I have spent many years tracing images for one reason or another and feel that it is embedded into my creative thinking process now in terms of how I look at the world.  This is not to say that I do not still enjoy observational drawing, I do. However, some of my need for observation, abstraction and other interpretation realises itself more in the final painting itself nowadays.

I drew out a grid on both a colour print out of the digital image and the 24” x 24” canvas. This enabled me to transfer over an outline of the image onto the canvas.

Grid transfer to canvas

I enjoy this careful transfer of the vector lines, as a technical exercise in observation, which then affords me a clear structure for painting over after I have sealed the charcoal with dilute PVA glue.

This is clearly a flat image in the sense that there is no natural foreground middle or distance in it. As such I am more at ease with the underlaying pattern that is created by the content of what is on view. I have allowed myself to relax my normal observational drawing skills around form as subservient to this flat pattern graphic effect and concentrate on the flat shapes created by the vector tracing. (I have dwelled on this lack of conventional form throughout the making of the painting however and wish to test out this process on a picture that demands more of a traditional “walk into the landscape” response).

Meanwhile, I experimented with a time-lapse film of this initial “blocking in” stage of the painting.

Time-lapse set up

Click here: This worked well with a basic punk drum track as can be seen from the link to Instagram below, but was a major distraction to my working process. Nevertheless, it did seem to punctuate that initial stage of the work for me very well.

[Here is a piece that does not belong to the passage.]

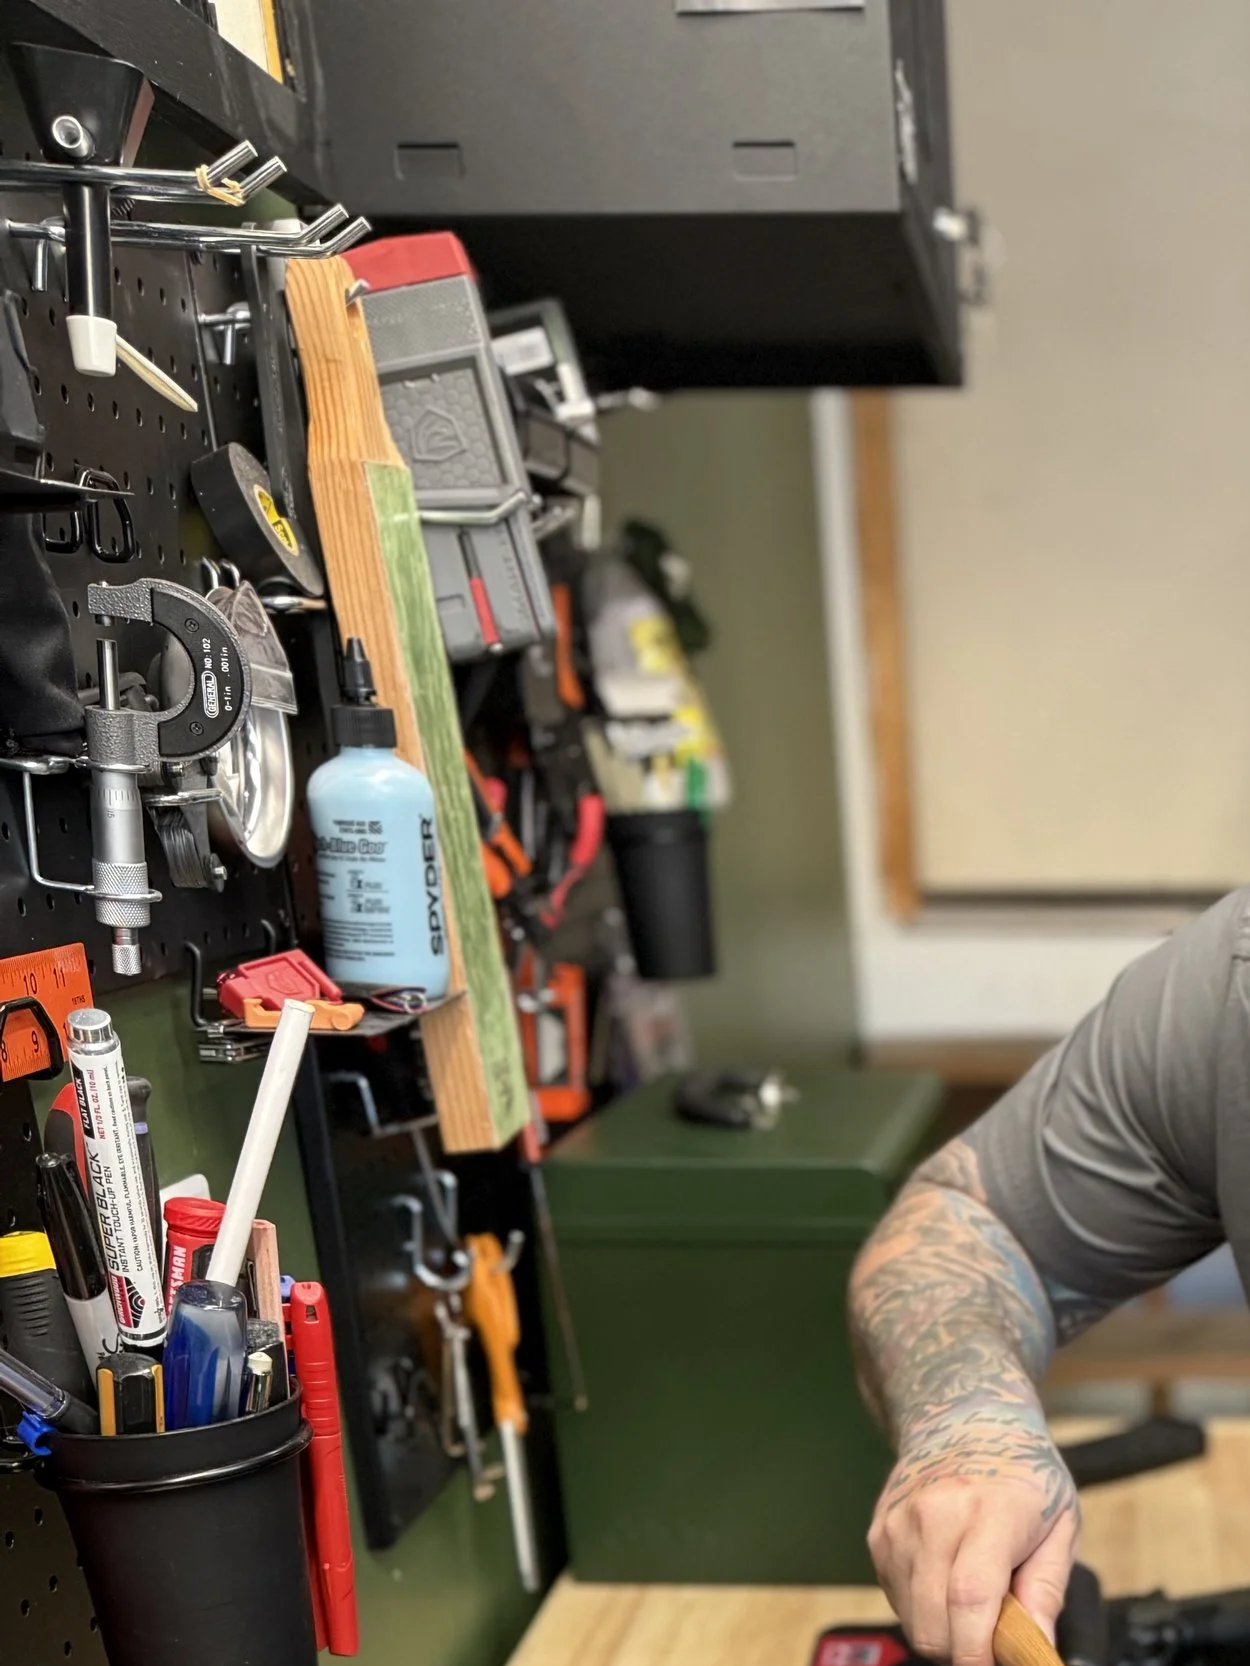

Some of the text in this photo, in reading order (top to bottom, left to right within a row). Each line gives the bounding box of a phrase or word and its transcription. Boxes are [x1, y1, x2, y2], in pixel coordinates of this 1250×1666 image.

It was clear from the final blocked in image that I still had some way to go before the picture was completed. At this point I left it for a couple of weeks before returning to complete a second stage. Discussing “finishing paintings” on Instagram gave me some other insight into my process and help me not to feel too rushed about this and “allowing my brain to catch up with the needs of the painting”. The other idea I considered at this point was that of a “finishing queue” for a number of paintings at any one time.  This was harder than it sounds however, as one inevitably begins to think in terms of “a series” of paintings and make links across them. I have only recently started painting again full time and so what had been a comfortably extended process of reflection on several paintings over a period of years was now beginning to concertina and overlap in a more challenging manner.

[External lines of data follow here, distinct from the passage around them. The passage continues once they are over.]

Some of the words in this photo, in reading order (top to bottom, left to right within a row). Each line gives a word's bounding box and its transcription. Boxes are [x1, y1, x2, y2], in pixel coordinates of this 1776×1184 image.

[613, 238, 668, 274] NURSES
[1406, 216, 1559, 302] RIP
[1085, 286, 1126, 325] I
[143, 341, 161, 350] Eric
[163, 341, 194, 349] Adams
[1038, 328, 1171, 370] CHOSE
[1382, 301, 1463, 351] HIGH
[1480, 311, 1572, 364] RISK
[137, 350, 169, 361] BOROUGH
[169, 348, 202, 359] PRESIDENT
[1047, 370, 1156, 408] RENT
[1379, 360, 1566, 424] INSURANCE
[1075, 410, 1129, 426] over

The idea of the “Theme” or narrative had hit me right between the eyes with this painting and yet I was imposing a rigorous abstraction of the shapes before me in the first instance, that belied the obvious narrative connotation of the image.  This was I think, a bit like pulling the string on a longbow and resisting the temptation to let go.  This was further fuelled by the time-lapse experience.  So, in the end I didn’t so much let fly with the arrow from the bow, as simply put it down and wait for the target to come to me.

View inside the shop

Shop window close up with reflections

I had returned to the shop a few times during this interim period, as I pass by on a regular basis.  On one occasion, the place was closed and I took some photos through the window of the inside (see above). At one level, the shop is very uninspiring in its dishevelled appearance, but clearly has thousands of individual stories to tell of records bought and played over almost half a century. As can be seen from the photos it is deceptively large on the inside and there is a tangible sense of tension between the surface dereliction and the promise of riches and wonder below the surface. Again, during this period, I was shopping for some paint in Town and ended up in conversation with an old guy in a shop. I told him about the painting I was doing, showed him a current picture and to my astonishment, he revealed that he had installed the halogen lights above the sign (the black squares in the painting) and also re-wired the whole shop in the late seventies (close to when it first opened I think).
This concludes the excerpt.